Amicus Therapeutics, a Cranbury, N.J., developer of drugs to treat rare genetic diseases, said it plans to raise as much as $92 million in an IPO — money that would fund its pursuit of new drugs for rare genetic diseases, a strategy could be disruptive for both medicine and the biotechnology landscape.
According to its SEC filing, Amicus plans to offer up to 5.75 million shares at a price of $14 to $16. The company’s market capitalization could exceed $355 million if the shares price at the upper end of that range.
In contrast to Jazz Pharmaceuticals, which also has lofty IPO plans but a drug-development strategy that could most politely be characterized as conventional, Amicus’ business and technology are both potentially quite exciting. In business terms, the startup is aiming to take on some of biotech’s oldest and biggest drugs — enzyme-replacement therapies for rare but often fatal genetic diseases. In medical terms, the Amicus approach could, depending on whether and how well it ends up working, greatly change the treatment of many sorts of disease, including neurological problems, heart conditions and cancer.
The enzyme-related diseases in question are a trio of genetic disorders known as Fabry disease, Gaucher disease and Pompe disease. All three conditions result from genetic deficiencies of enzymes that break down and process fats and sugars. In the absence of normal enzyme levels, those fatty or sugary molecules build up in various organs, with debilitating and sometimes fatal results.

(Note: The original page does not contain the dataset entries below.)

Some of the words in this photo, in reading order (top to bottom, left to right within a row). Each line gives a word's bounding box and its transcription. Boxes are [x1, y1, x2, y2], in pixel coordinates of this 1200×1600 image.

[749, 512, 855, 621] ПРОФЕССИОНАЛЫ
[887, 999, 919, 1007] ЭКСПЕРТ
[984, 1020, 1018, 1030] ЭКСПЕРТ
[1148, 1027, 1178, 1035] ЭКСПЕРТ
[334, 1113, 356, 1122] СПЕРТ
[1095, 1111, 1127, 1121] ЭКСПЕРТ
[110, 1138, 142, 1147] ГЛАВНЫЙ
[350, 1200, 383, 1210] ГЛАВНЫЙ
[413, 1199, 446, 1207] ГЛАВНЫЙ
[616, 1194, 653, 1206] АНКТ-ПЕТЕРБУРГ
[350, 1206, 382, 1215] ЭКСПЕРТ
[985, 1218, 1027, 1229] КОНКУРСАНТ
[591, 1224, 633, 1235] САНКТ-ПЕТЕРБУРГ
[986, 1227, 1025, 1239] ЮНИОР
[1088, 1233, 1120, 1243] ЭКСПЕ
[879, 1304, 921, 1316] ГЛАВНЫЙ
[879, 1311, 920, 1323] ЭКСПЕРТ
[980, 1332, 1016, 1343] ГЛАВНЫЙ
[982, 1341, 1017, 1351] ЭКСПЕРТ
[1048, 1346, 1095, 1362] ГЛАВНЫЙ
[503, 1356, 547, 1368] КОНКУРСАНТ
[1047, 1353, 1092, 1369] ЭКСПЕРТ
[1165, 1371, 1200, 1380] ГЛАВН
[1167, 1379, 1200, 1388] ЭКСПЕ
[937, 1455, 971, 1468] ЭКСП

One of the early successes of biotechnology involved the mass production of these missing enzymes using genetically engineered cells, a technique that made it possible to slow and sometimes reverse the ravages of these diseases. Genzyme was an early pioneer in this area, and now makes enzyme-replacement drugs for all three diseases. Because these conditions are quite rare, the enzyme drugs are among the most expensive in the world. Genzyme’s Cerezyme for Gaucher disease, for instance, costs $200,000 a year; sales of the drug last year were $1 billion.

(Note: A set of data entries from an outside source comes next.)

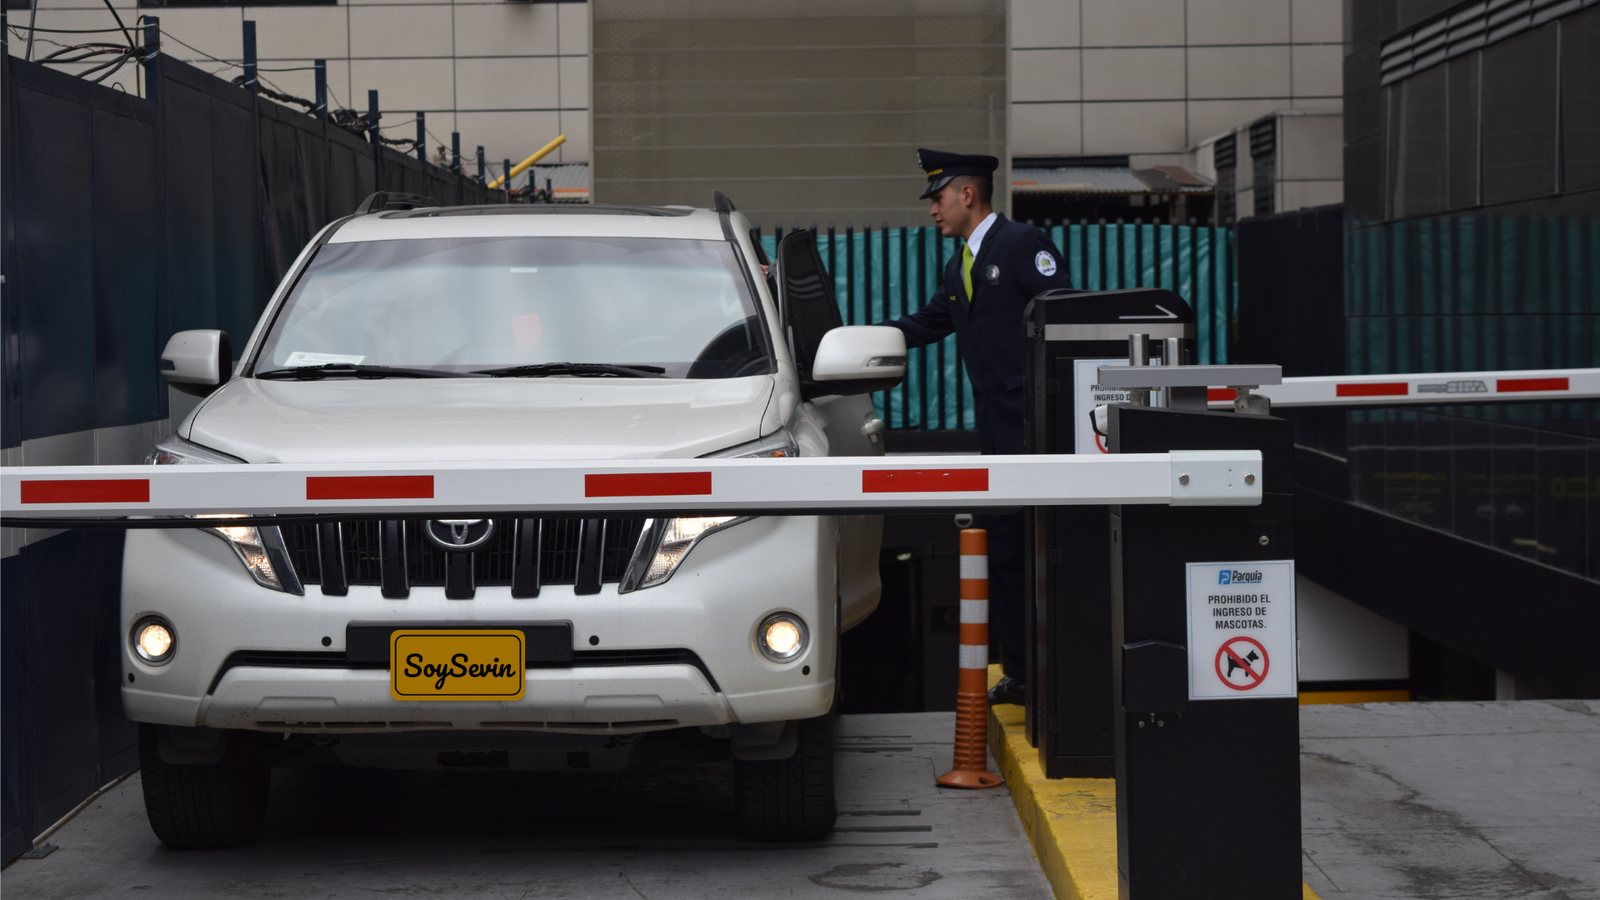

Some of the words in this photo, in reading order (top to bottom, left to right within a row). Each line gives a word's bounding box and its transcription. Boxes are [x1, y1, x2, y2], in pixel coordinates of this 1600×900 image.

[1232, 570, 1263, 584] Parquia
[1208, 594, 1258, 604] PROHIBIDO
[1260, 594, 1271, 603] EL
[1213, 607, 1252, 617] INGRESO
[1255, 606, 1267, 616] DE
[1215, 619, 1267, 629] MASCOTAS.
[403, 652, 516, 690] SoySevin

Replacing the “missing” enzymes, however, isn’t the only way to treat these diseases. As it turns out, the enzymes aren’t missing at all — they’re just inactive, mostly because mutations have caused their complex protein molecules to fold up into the wrong shape. Amicus has identified what it calls “pharmacological chaperones” — small molecules that stick to these enzyme proteins as they’re folding in order to usher them into the proper shape. Early evidence suggests that even mutated enzymes can carry out many of their functions if folded properly.
For instance, here’s a diagram showing how Amigal, an Amicus chaperone for Fabry disease, stabilizes the alpha-galactosidase A enzyme:
Such chaperones might actually reverse the effects of these diseases at a molecular level, which could potentially stave off other complications associated with replacement therapy and the cellular buildup of misfolded enzymes. Another plus: Because these chaperones are traditional small molecules, they can travel anywhere in the body (large proteins have difficulty penetrating certain organs, particularly the brain) and can be formulated as pills instead of injections.
The Amicus chaperones are a long way from definitive proof that they work as planned, but the company believes that its IPO proceeds will carry Amigal through pivotal late-stage trials by 2010. While it’s probably too much to expect that competitors to enzyme replacement would bring down prices very much — for various reasons, the drug industry tends not to work that way — competition is usually a good thing, and new treatment alternatives are always welcome in such complicated diseases. And if Amicus is right, the molecular-chaperone approach may have applications in a variety of other protein-folding diseases. Sounds like an avenue well worth exploring.